>>>>>

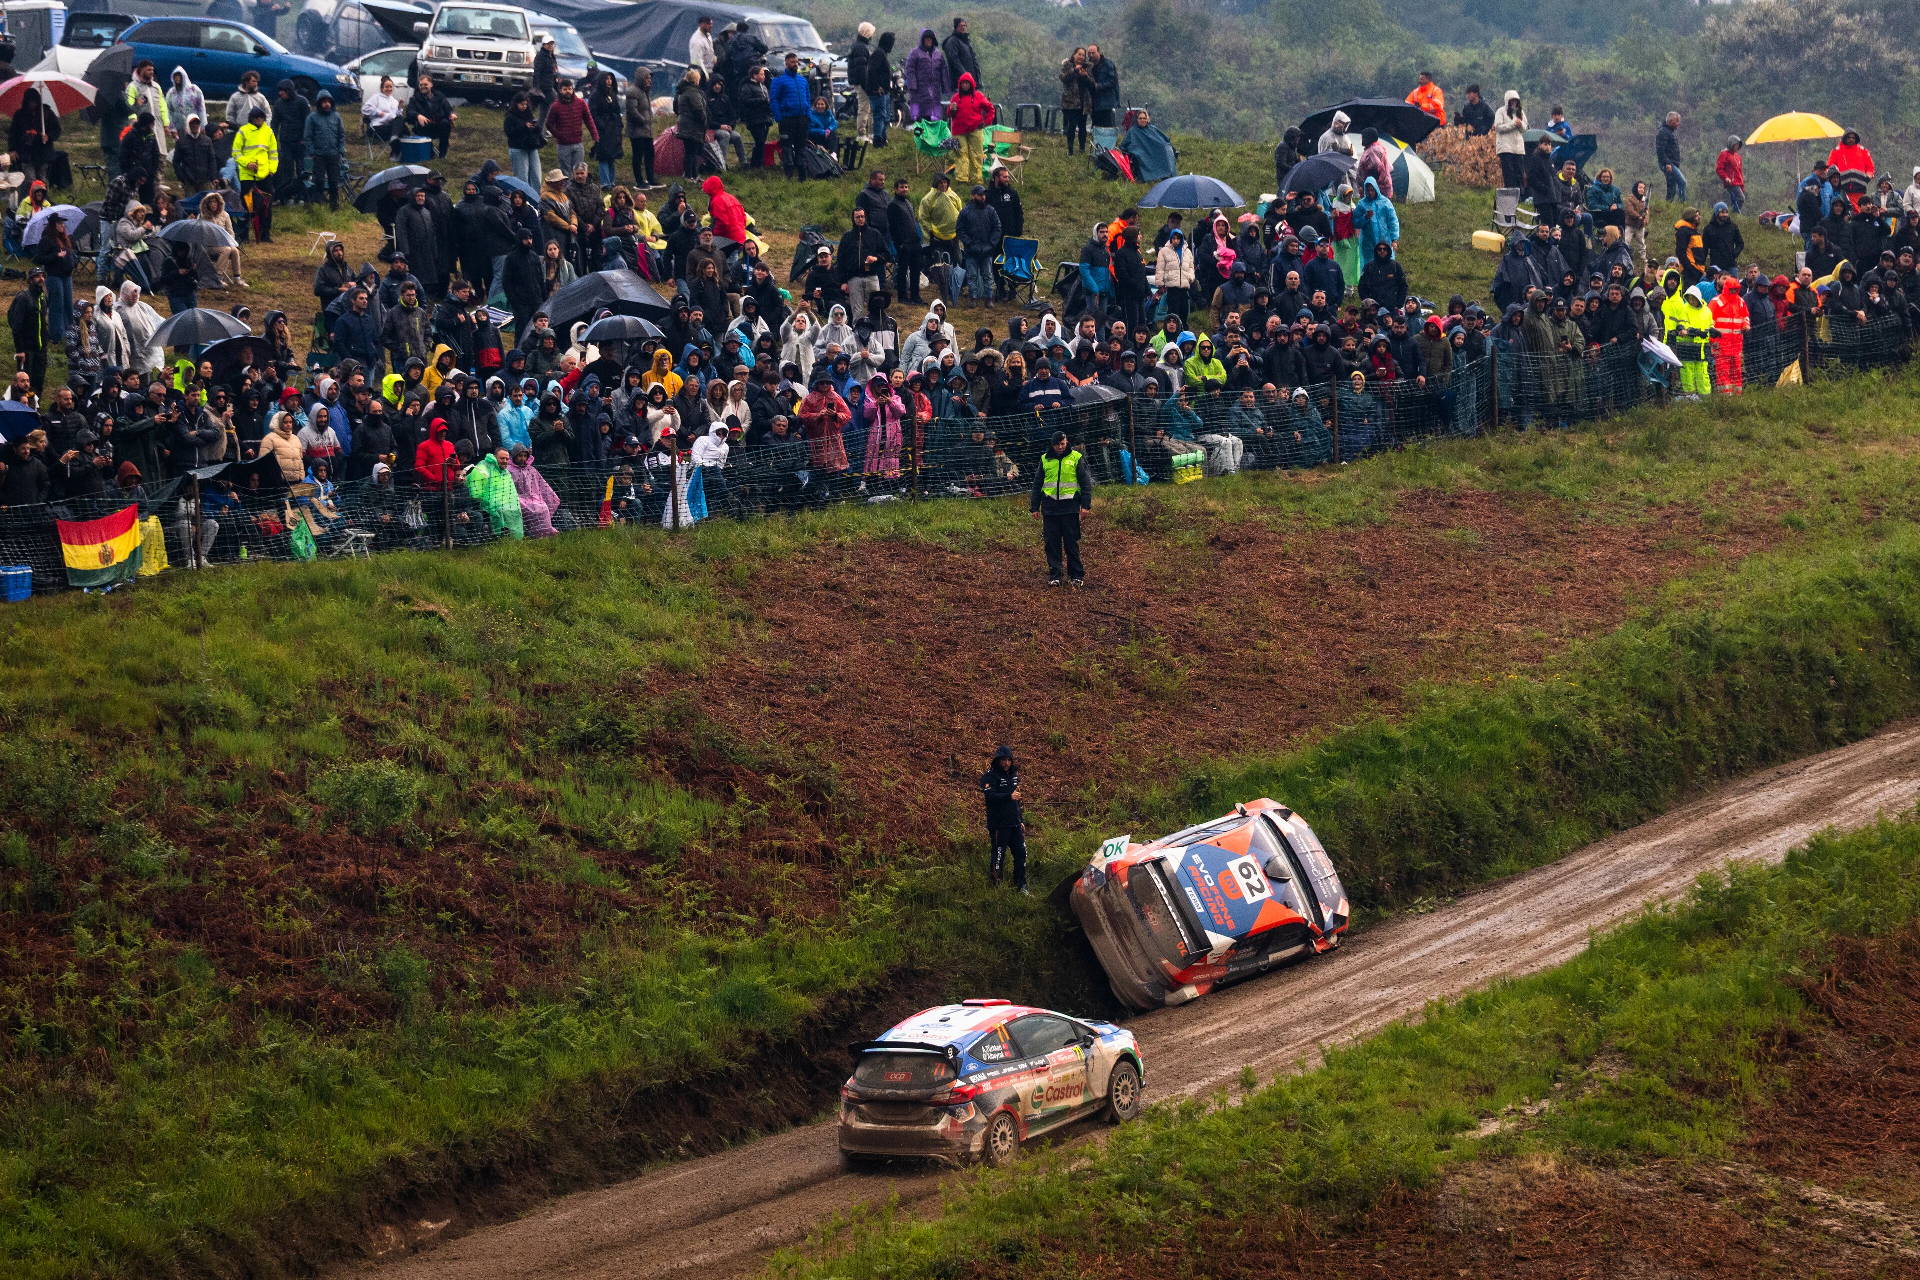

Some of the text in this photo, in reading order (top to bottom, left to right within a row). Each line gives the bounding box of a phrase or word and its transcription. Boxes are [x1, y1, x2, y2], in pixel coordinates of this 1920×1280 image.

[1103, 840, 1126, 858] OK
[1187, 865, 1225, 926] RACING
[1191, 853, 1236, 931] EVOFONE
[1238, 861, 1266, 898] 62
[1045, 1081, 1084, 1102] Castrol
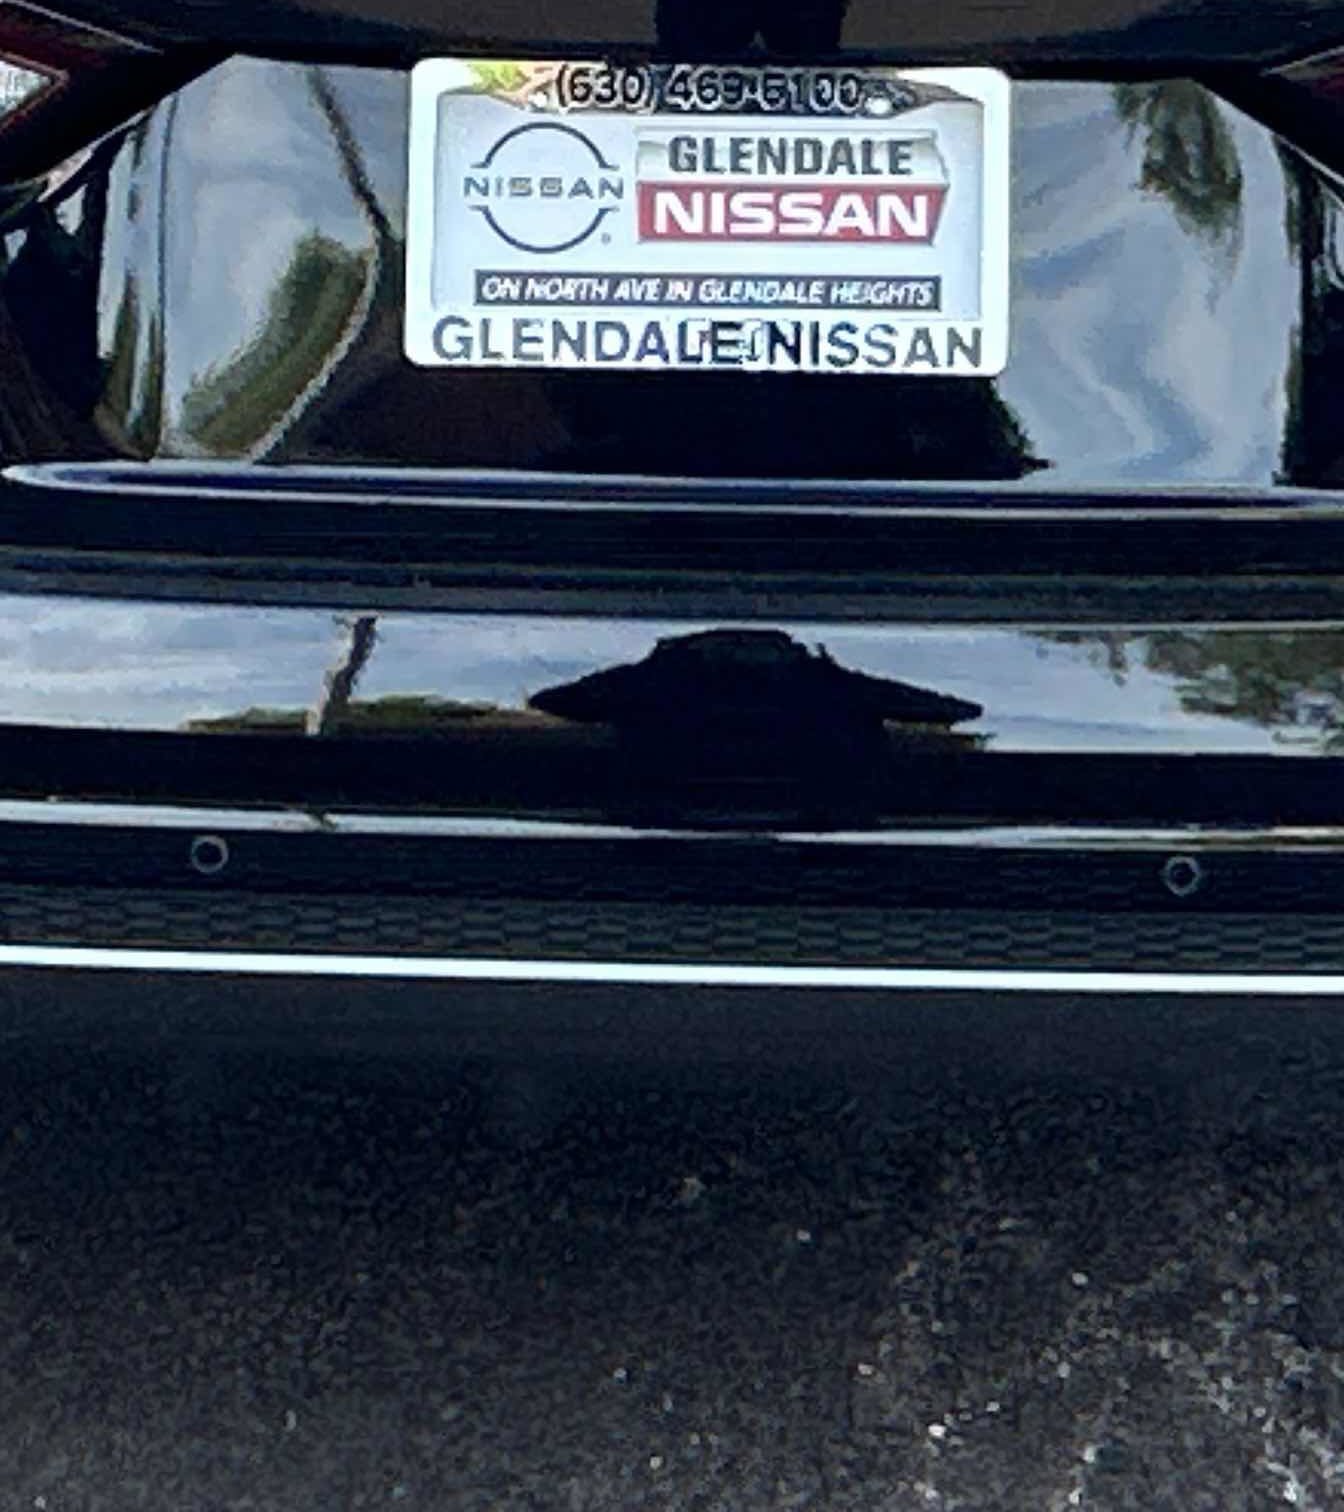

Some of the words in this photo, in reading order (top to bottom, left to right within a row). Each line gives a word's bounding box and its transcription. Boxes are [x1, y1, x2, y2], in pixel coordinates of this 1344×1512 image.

<<<<<

_WHAT IS EXPECTED_: Reproduce each line of the records exactly, and omit every picture.

_RESPONSE_:
Some of the text in this photo, in reading order (top to bottom, left to right within a row). Each line gives the bounding box of a phrase or word and its transcription. Boxes are [x1, y1, x2, y2], in pixel coordinates of this 1920×1280 image.

[1103, 840, 1126, 858] OK
[1187, 865, 1225, 926] RACING
[1191, 853, 1236, 931] EVOFONE
[1238, 861, 1266, 898] 62
[1045, 1081, 1084, 1102] Castrol

Some of the words in this photo, in reading order (top to bottom, left to right within a row). Each line gives a word's bounding box and its transcription. Boxes are [x1, y1, x2, y2], in pixel coordinates of this 1344×1512 image.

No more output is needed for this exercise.